Bis dahin kann sich das österreichische Publikum mit der schnell erzählten Ausgangssituation anfreunden. Milano gibt Savannah "Savi" Davis, die als sich toughe Anwältin nicht nur den Avancen eines Kollegen gegenüber sieht, sondern auch Probleme in der Ehe hat. Wer nun glaubt, dass der Seitensprung nur um die nächste Ecke wartet, liegt nicht ganz falsch. "Mir hat gefallen, dass sie trotz ihrer Fehler ihren Weg sucht", meinte Milano über den Reiz ihrer Figur. Das britische Original, auf dem die US-Serie basiert, hat sie nicht gesehen. "Ich wollte keine vorgefasste Meinung davon haben, wie mein Charakter aussieht. Ich wollte sie für mich entdecken."

An ihrer Seite stehen Yunjin Kim (bekannt aus "Lost") als Psychiaterin Karen, die ein Verhältnis mit einem Patienten beginnt, die verwitwete April (Rochelle Aytes), die glaubt Zeichen von ihrem toten Mann zu erhalten, sowie Savannahs jüngere Schwester Josselyn (Jes Maccallan), ein überzeugter und leichtlebiger Single. Die restlichen Zutaten sind altbekannt: Stets adrett gekleidet stolpern die Vier von einer Konfliktsituation in die nächste, gibt es doch keinen Mangel an attraktiven Junggesellen, geheimnisvollen Personen aus der Vergangenheit und modischen Accessoires.

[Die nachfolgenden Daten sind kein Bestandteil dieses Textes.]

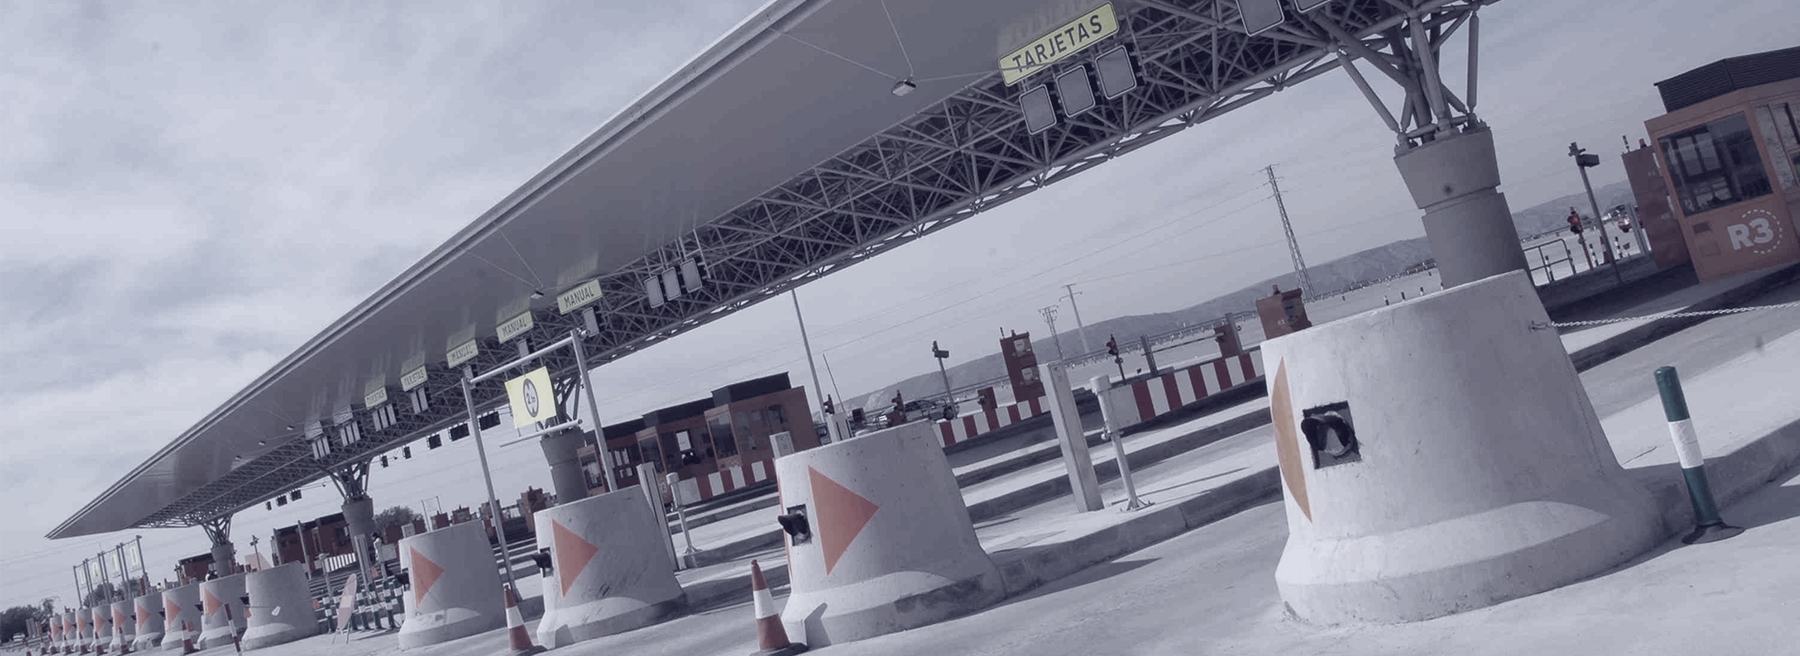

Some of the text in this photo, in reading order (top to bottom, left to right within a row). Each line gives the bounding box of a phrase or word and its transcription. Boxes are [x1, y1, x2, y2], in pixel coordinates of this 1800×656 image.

[1012, 14, 1103, 73] TARJETAS
[1727, 217, 1774, 251] R3
[563, 285, 594, 309] MANUAL
[502, 317, 527, 337] MANUAL

"Es ist für jeden etwas dabei", glaubt Milano an die Erfolgschancen von "Mistresses". Sollten sich die arg konstruierten Dialoge im Verlauf der Staffel noch verbessern, könnte sich das sogar bewahrheiten. Trotz oder vielleicht gerade wegen der sich praktisch aus dem Nichts ergebenden Sexszenen.